According to those who have seen the Indian corporate sector from close quarters, the sharp rise in Indian direct investments abroad was reflective of the growing confidence of India Inc to spread its footprint globally, backed by a string of high-value acquisitions of some of the world's biggest companies in different sectors - prominent of which would be the Tatas' takeover of Corus and JLR and the Aditya Birla group's acquisition of Novelis.

It was the sign of a new, rejuvenated India Inc that was encouraged and prompted to acquire companies abroad, which in turn fuelled the robust rise in Indian investments abroad.

Also helping that rise was an appreciating rupee, whose value steadily rose from about Rs 48 a dollar in 2002-03 to about Rs 40 in 2007-08.

For the next four years till 2011-12, the exchange rate of the rupee against the dollar fell, but stayed within a narrow band of Rs 46-48.

This is also the period when India Inc's investments abroad declined a bit. If it declined further in 2012-13, the falling rupee (which ruled at Rs 54 a dollar that year) must have been one of the factors.

But what happened in 2013-14 is even more significant.
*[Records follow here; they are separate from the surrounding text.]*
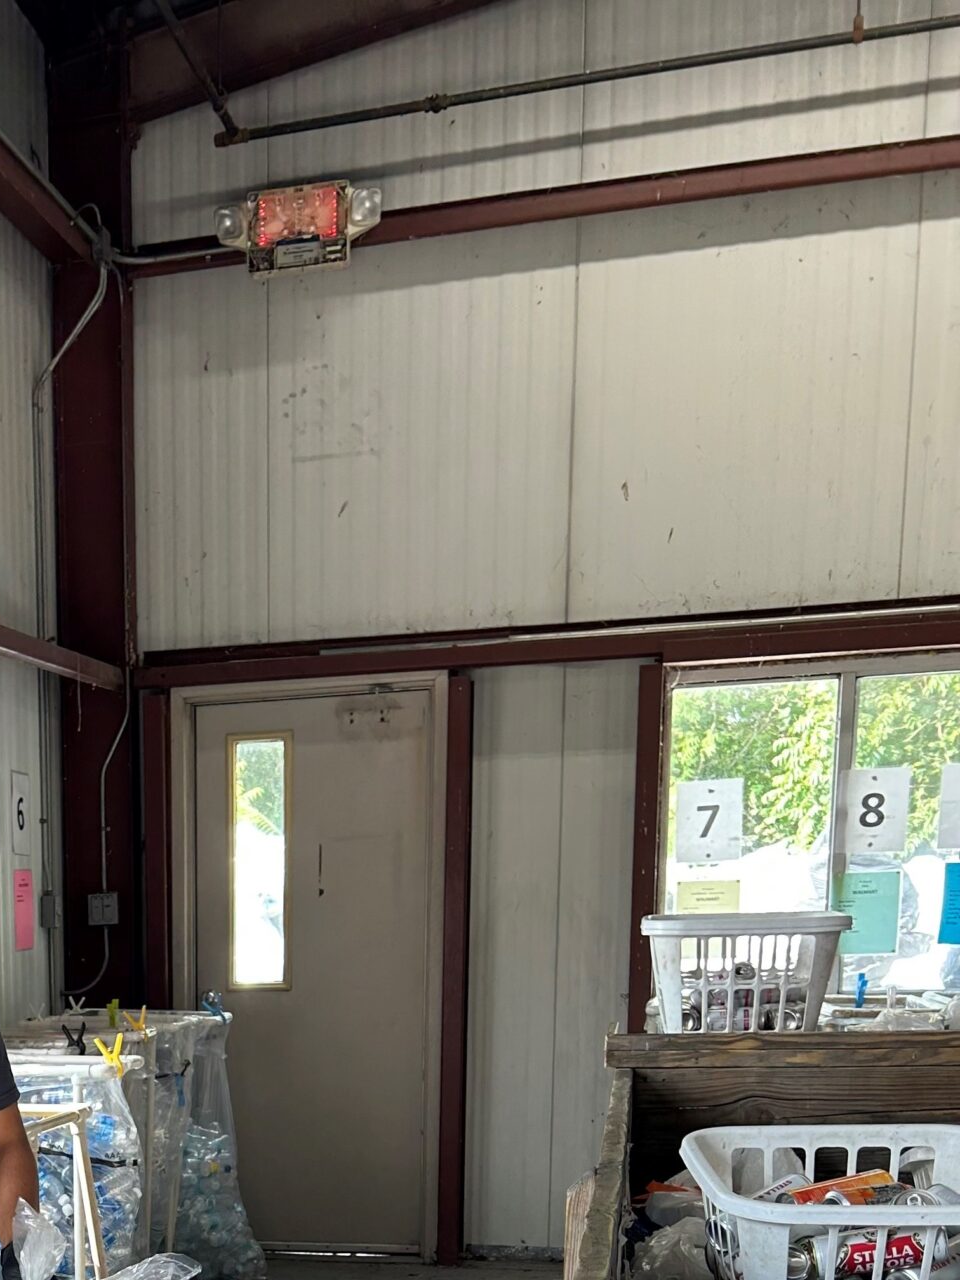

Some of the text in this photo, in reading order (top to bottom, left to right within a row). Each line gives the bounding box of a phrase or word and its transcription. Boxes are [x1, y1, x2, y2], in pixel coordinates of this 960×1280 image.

[16, 797, 26, 831] 6
[696, 804, 720, 839] 7
[859, 792, 886, 828] 8
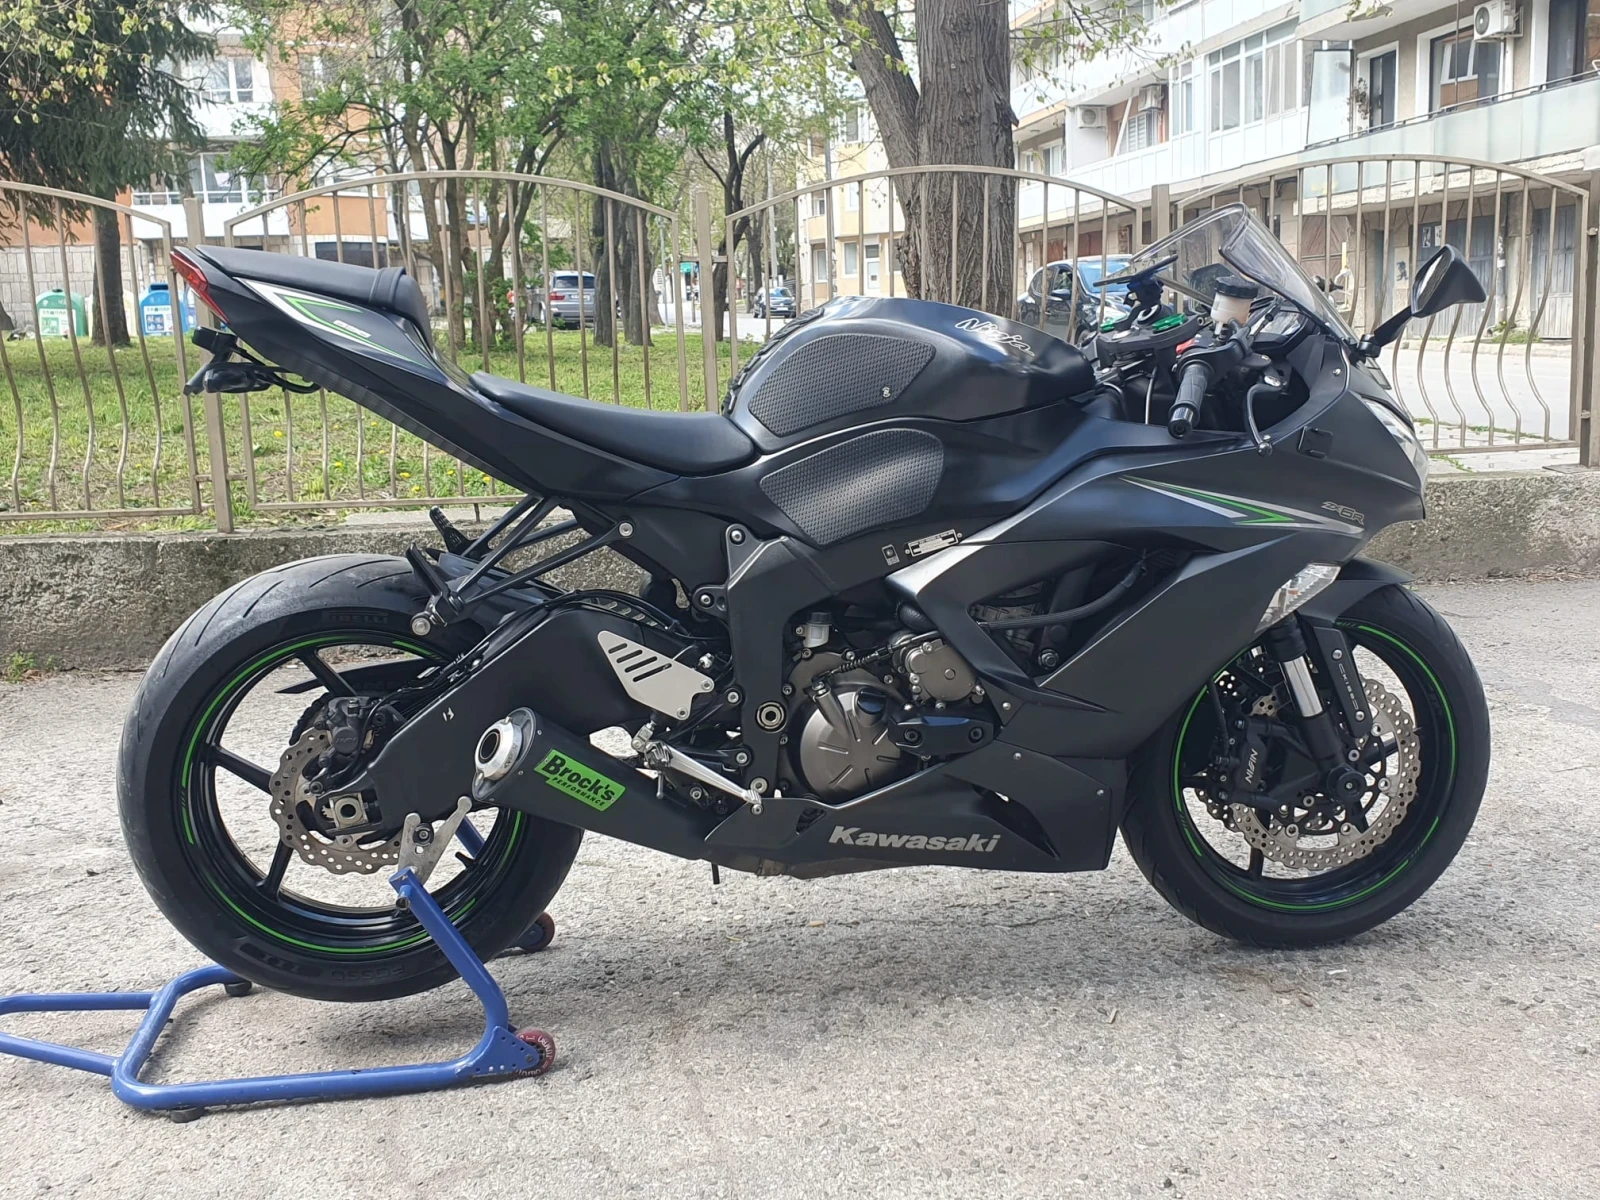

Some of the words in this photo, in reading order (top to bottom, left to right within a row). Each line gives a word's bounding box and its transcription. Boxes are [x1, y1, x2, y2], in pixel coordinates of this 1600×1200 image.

[955, 318, 1035, 357] Ninja
[541, 754, 616, 801] Brock's
[551, 776, 606, 807] PERFORMANCE
[828, 825, 1002, 852] Kawasaki
The rupee fell to around Rs 60 a dollar and yet Indian companies' investments abroad spurted to over $9 billion.

Industry experts argue that this rise took place because the domestic political environment was not conducive to investments within the country.

The so-called policy paralysis had adversely impacted domestic investment prospects and many Indian companies decided to move their investments abroad, in spite of a fall in the value of the rupee.

If that diagnosis is true, then the fall in India Inc's investments abroad in 2014-15 could be because of the restoration of its confidence in the domestic political environment, when the NDA government was formed with the hope that policy reforms would spur economic growth.

These reasons have not been validated and nobody as yet can say with certainty what may have actually triggered this directional change in India Inc's investments abroad.

But the political leadership of the NDA government must make an effort to assess the possible implications of this drop in investments abroad even as foreign investments in India are on the rise.

It should get exercised about this at least now that the data on India Inc's direct investments abroad in first quarter of 2015-16 have just come in, indicating another directional change.

India Inc's investments abroad in April-June 2015 have once again risen to $1.3 billion, compared to just $149 million in the same quarter of 2014.